Zanaga L P, Santos A G, Ataíde E C, Boin I F S F, Stucchi R S B
Disciplina de Infectologia, Departamento de Clínica Médica, Faculdade de Ciências Médicas, Universidade Estadual de Campinas, Campinas, SP, Brasil.
Grupo de Fígado, Hipertensão Portal e Transplante Hepático, Disciplina de Moléstias do Aparelho Digestivo, Departamento de Cirurgia, Faculdade de Ciências Médicas, Universidade Estadual de Campinas, Campinas, SP, Brasil.
Braz J Med Biol Res. 2019;52(8):e8519. doi: 10.1590/1414-431X20198519. Epub 2019 Aug 5.

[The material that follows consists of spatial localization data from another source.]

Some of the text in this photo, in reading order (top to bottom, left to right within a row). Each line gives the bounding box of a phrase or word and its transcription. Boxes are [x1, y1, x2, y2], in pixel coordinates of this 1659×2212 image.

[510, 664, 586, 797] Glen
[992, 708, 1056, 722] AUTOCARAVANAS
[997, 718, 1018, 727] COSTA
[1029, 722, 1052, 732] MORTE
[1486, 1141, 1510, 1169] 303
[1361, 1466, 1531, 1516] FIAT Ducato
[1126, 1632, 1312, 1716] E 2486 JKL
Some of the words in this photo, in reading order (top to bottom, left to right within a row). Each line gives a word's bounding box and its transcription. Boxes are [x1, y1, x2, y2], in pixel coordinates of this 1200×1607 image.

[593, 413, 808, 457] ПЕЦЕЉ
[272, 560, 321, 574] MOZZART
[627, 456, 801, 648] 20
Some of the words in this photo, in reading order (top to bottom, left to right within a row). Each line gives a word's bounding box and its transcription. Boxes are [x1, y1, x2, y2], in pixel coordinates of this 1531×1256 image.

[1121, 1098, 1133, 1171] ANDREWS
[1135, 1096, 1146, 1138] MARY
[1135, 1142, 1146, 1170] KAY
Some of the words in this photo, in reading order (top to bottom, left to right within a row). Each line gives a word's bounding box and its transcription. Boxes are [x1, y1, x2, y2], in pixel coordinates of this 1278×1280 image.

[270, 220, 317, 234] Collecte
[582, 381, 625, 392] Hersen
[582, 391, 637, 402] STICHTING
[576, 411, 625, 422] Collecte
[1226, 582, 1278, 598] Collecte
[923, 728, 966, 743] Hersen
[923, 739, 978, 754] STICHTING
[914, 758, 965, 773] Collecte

Recurrent hepatitis C (HCV) after liver transplantation (LT) is an important cause of morbidity and mortality. Antiviral treatment is recommended to avoid unfavorable outcomes. Direct-acting antivirals (DAA) have transformed HCV treatment, with higher efficacy and fewer side-effects than interferon-based therapies traditionally used. To evaluate DAA treatment outcomes at a Brazilian transplant unit, data of patients who finished HCV treatment at the Liver Transplant Unit of the University of Campinas were analyzed. Treatment consisted of sofosbuvir, daclatasvir, and ribavirin, for 12 or 24 weeks, according to the national guidelines. Fifty-five patients completed antiviral treatment and 54 had HCV-viral load results available. The majority of patients were male (78%), 58 years old on average, 65% had hepatocellular carcinoma (HCC) before LT, and 67% were interferon treatment-experienced. Most patients had HCV genotype 1 (65%), 35% had genotype 3, and started treatment on an average of 38 months after LT (range: 2-228). Fifty-eight percent were treated for 12 weeks and 42% for 24 weeks, using a mean dose of ribavirin of 10.1 mg/kg (4.2-16.1). There were no treatment interruptions due to serious side effects. The sustained virological response rate was 98%. Only one patient relapsed, a genotype 3 cirrhotic treated for 12 weeks. The average follow-up after starting antivirals was 20 months. There were no recurrences of HCC, but there was one rejection episode and one cirrhosis decompensation episode, both 12 weeks after treatment. DAA treatment is safe and effective in the post-LT setting and was not associated to HCC recurrence in the cohort studied.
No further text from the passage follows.